THE MAGIC LABYRINTH by Philip Jose Farmer

“That’s a smart trick old John’s pulled,” Clemens said. “Radio the Goose and tell them to come in on the Rex’s broadside.”

Byron hastened to obey. Sam turned to de Marbot. The little fellow wore a coal-scuttle helmet of duraluminum, a chain-mail shirt and kilt, and leather jackboots. A leather belt held a holster in which a Mark IV pistol was couched and a scabbard in which a cutlass was sheathed.

“Tell your men to bring up the SW,” he said. “On the double!”

The Frenchman punched a button which would put him on the intercom to the storage room.

“Is the enemy plane still on the radar?” he said to the operator.

“Not at the moment,” Schindler replied. “It’s behind the hills, too close to the mountains.”

“It’ll come hellbent for election right over the tops of the trees,” Clemens said. “We won’t have much time.”

De Marbot gave a groan. Clemens looked at his pale face and said, “What is it?”

“I don’t know,” de Marbot said. “I heard something that sounded like an explosion! The line’s dead! Nobody answers!”

Sam could feel himself turning gray. “Oh, my God! An explosion! Get down there, find out what’s going on!”

Byron was by another intercom on the bulkhead. He said, “Station 25 reports an explosion in Station 26.”

The Frenchman stepped into the elevator and was gone.

“Sir, there’s the enemy plane!” the radar operator said. “On the port bank, just above the structures, coming in between those two rock spires.”

Sam ran to the window and looked out. The sun flashed on the silver-and-blue-streaked nose of an aircraft.

“Coming like a bat out of hell!”

He gripped the ledge, forced himself to be calm, and turned. But Byron had sent word down. It wasn’t needed, since the attacker was visible.

“Hold your fire until the attacker is five hundred yards distant,” Byron said. “Then fire the rockets. Cannons and small arms, wait until it’s within two hundred and fifty yards.”

“I shouldn’t have waited,” Sam muttered. “I should have brought the laser out as soon as those boys took off. It could slice that plane in half before it launched the torpedo.”

One more regret in a lifetime of regrets.

And just what in blue blazes happened down there?

“Here it cometh!” Joe Miller said.

The torpedo plane had dipped down past the bridges running along the edge of the hills. Now it was skimming the grass of the plains. Whoever the pilot was, he was handling his big heavy machine as if it were a one-seater fighter.

Events happened fast after that. The plane was going at least 150 miles per hour. Once it reached The River, it would have a mile to go to its target. But it would release the torpedo within six hundred feet. Closer, if the pilot was daring. The nearer the release, the less chance for the Not For Hire to evade the missile.

It would have been better if the boat were to turn prow-on and so present a smaller target. But to do this would cut the defense fire to a minimum.

Sam waited. The moment that the silvery weapon of destruction was loosed from its carrier, he would give the order to Detweiller to swing the boat around.
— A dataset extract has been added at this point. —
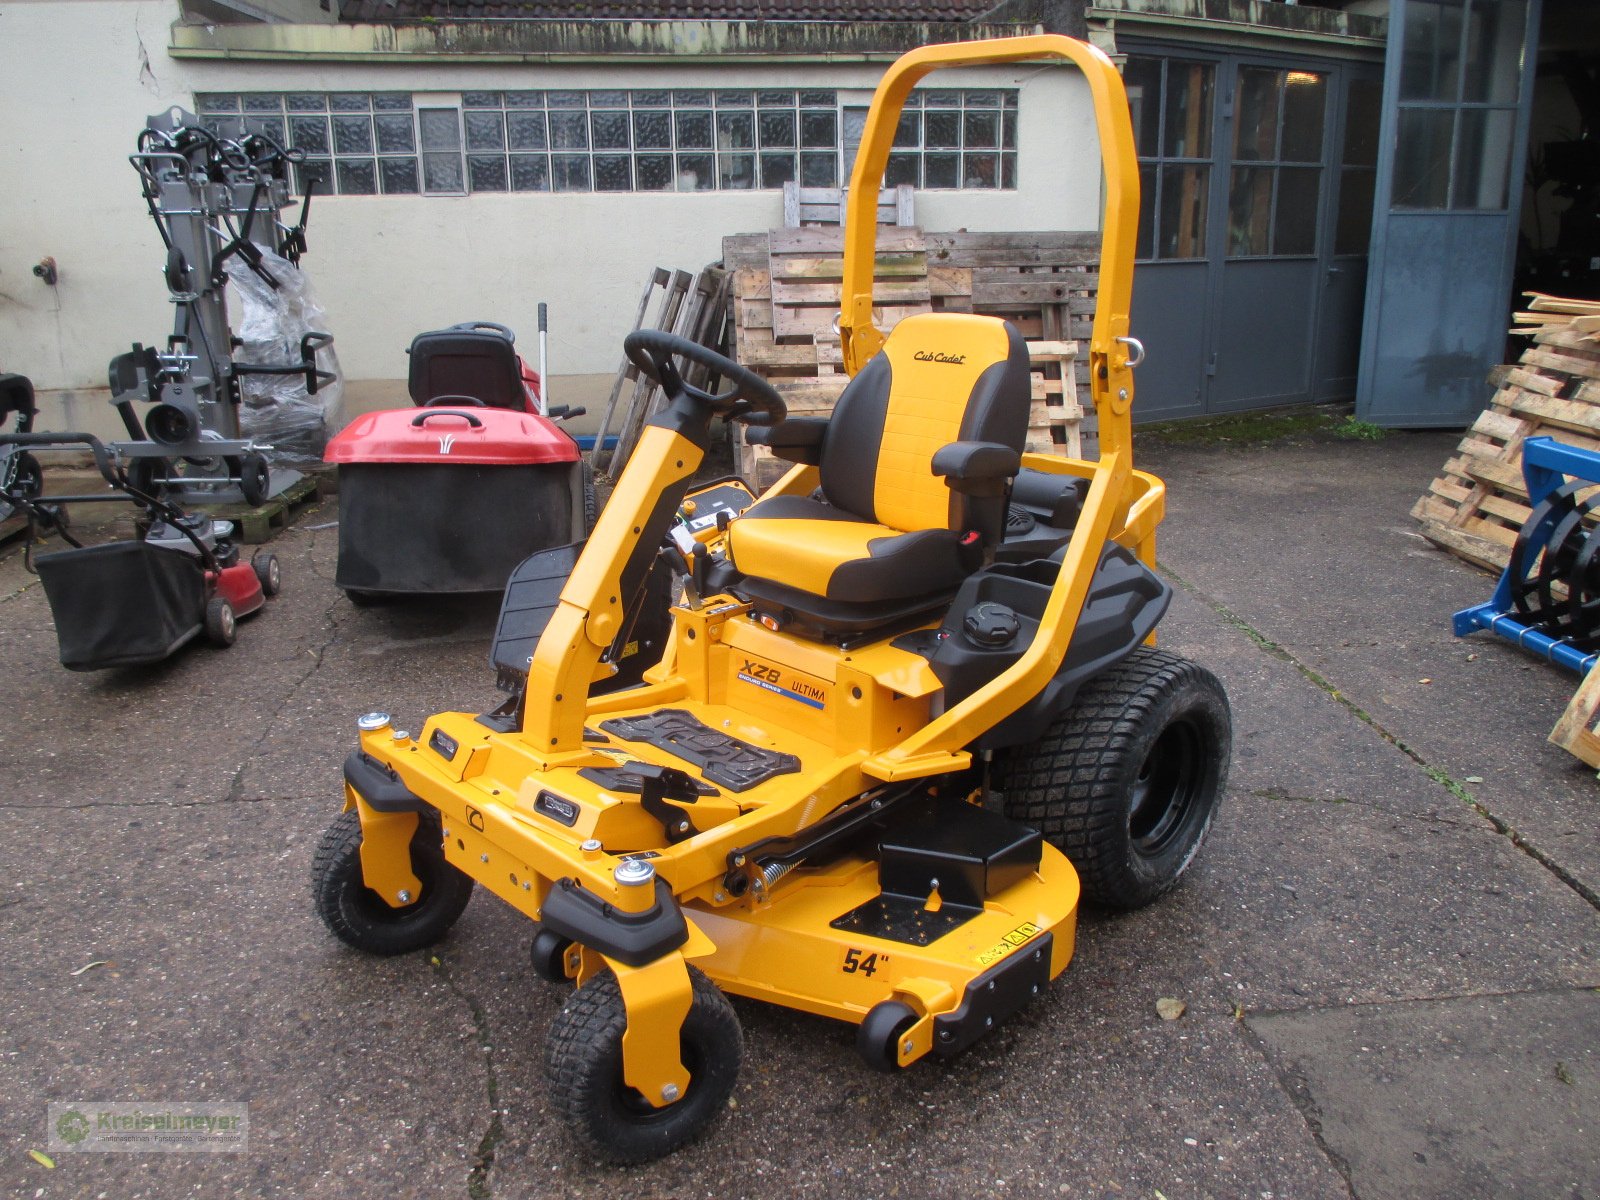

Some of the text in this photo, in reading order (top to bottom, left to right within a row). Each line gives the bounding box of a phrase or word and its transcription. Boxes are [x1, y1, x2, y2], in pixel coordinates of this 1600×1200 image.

The plane would be a lesser menace then. In any event, if it survived the hail of fire, it would be getting to hell out.

“Five hundred yards,” Byron said, reading the radarscope over its operator’s shoulder. He spoke into the intercom linked with the batteries. “Fire the rockets!”

Twenty silvery cone-tipped cylinders, spouting flame from their tails, sprang like cats at a feline convention after a lone mouse.

The pilot had the reflexes of a cat, too. Twelve rockets, smaller than those hurled at him, sprang from below his wings. The two flights met in three battings of an eye and went up in flame surrounded by smoke. Immediately after, the plane bored through the clouds. Now it was so close to The River that it seemed the waves would snap its bottom.

“Fire the second battery of rockets!” Byron yelled. “Fire cannons and small arms!”

Another flight of missiles arced out. The steam machine guns hosed a stream of ,80-caliber plastic bullets. The 88-millimeter cannon on the port side bellowed, spouting flame and gray clouds. The marines, stationed between the heavy platforms, fired their rifles.